The prion protein binds thiamine

Although highly conserved throughout evolution, the exact biological function of the prion protein is still unclear. In an effort to identify the potential biological functions of the prion protein we conducted a small‐molecule screening assay using the Syrian hamster prion protein [shPrP(90–232)]. The screen was performed using a library of 149 water‐soluble metabolites that are known to pass through the blood–brain barrier. Using a combination of 1D NMR, fluorescence quenching and surface plasmon resonance we identified thiamine (vitamin B1) as a specific prion ligand with a binding constant of ∼ 60 μm. Subsequent studies showed that this interaction is evolutionarily conserved, with similar binding constants being seen for mouse, hamster and human prions. Various protein construct lengths, both with and without the unstructured N‐terminal region in the presence and absence of copper, were examined.

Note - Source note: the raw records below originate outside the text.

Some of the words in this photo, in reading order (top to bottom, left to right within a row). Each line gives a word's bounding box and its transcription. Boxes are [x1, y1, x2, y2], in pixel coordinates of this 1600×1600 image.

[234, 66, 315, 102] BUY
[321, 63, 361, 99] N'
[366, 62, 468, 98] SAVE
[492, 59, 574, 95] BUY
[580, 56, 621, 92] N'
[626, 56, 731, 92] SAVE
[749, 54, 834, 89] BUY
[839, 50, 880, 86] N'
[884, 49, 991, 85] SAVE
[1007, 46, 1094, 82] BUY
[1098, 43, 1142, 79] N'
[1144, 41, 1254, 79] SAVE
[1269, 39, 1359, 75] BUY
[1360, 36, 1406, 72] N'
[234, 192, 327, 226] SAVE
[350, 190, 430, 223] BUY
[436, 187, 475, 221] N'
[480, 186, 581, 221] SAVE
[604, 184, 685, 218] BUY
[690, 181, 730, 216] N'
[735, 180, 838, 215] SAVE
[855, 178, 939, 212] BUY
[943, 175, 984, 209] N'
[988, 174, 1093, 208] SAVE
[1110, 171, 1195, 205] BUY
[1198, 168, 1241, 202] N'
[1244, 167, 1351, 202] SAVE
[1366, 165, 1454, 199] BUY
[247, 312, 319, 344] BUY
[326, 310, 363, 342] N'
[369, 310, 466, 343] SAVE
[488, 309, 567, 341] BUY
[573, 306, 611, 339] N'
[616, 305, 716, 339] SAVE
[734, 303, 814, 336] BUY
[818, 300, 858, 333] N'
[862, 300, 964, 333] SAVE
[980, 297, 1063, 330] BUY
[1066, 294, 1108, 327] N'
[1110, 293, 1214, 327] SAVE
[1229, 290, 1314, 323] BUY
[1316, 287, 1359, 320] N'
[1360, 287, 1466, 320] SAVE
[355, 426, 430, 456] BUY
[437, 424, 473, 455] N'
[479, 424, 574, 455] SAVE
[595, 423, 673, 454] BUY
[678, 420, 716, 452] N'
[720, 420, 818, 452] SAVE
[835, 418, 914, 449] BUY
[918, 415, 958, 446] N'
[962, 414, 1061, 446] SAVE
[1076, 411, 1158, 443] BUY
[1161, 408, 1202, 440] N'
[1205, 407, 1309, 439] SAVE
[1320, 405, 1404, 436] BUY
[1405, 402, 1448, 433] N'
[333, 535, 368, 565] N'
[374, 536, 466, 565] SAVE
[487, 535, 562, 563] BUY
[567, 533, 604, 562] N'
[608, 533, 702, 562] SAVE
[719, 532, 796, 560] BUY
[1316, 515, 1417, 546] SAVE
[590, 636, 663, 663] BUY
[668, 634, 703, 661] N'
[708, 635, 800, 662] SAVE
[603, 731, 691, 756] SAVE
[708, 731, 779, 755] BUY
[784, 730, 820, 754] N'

This indicates that the N‐terminus has no influence on the protein’s ability to interact with thiamine. In addition to thiamine, the more biologically abundant forms of vitamin B1 (thiamine monophosphate and thiamine diphosphate) were also found to bind the prion protein with similar affinity. Heteronuclear NMR experiments were used to determine thiamine’s interaction site, which is located between helix 1 and the preceding loop. These data, in conjunction with computer‐aided docking and molecular dynamics, were used to model the thiamine‐binding pharmacophore and a comparison with other thiamine binding proteins was performed to reveal the common features of interaction.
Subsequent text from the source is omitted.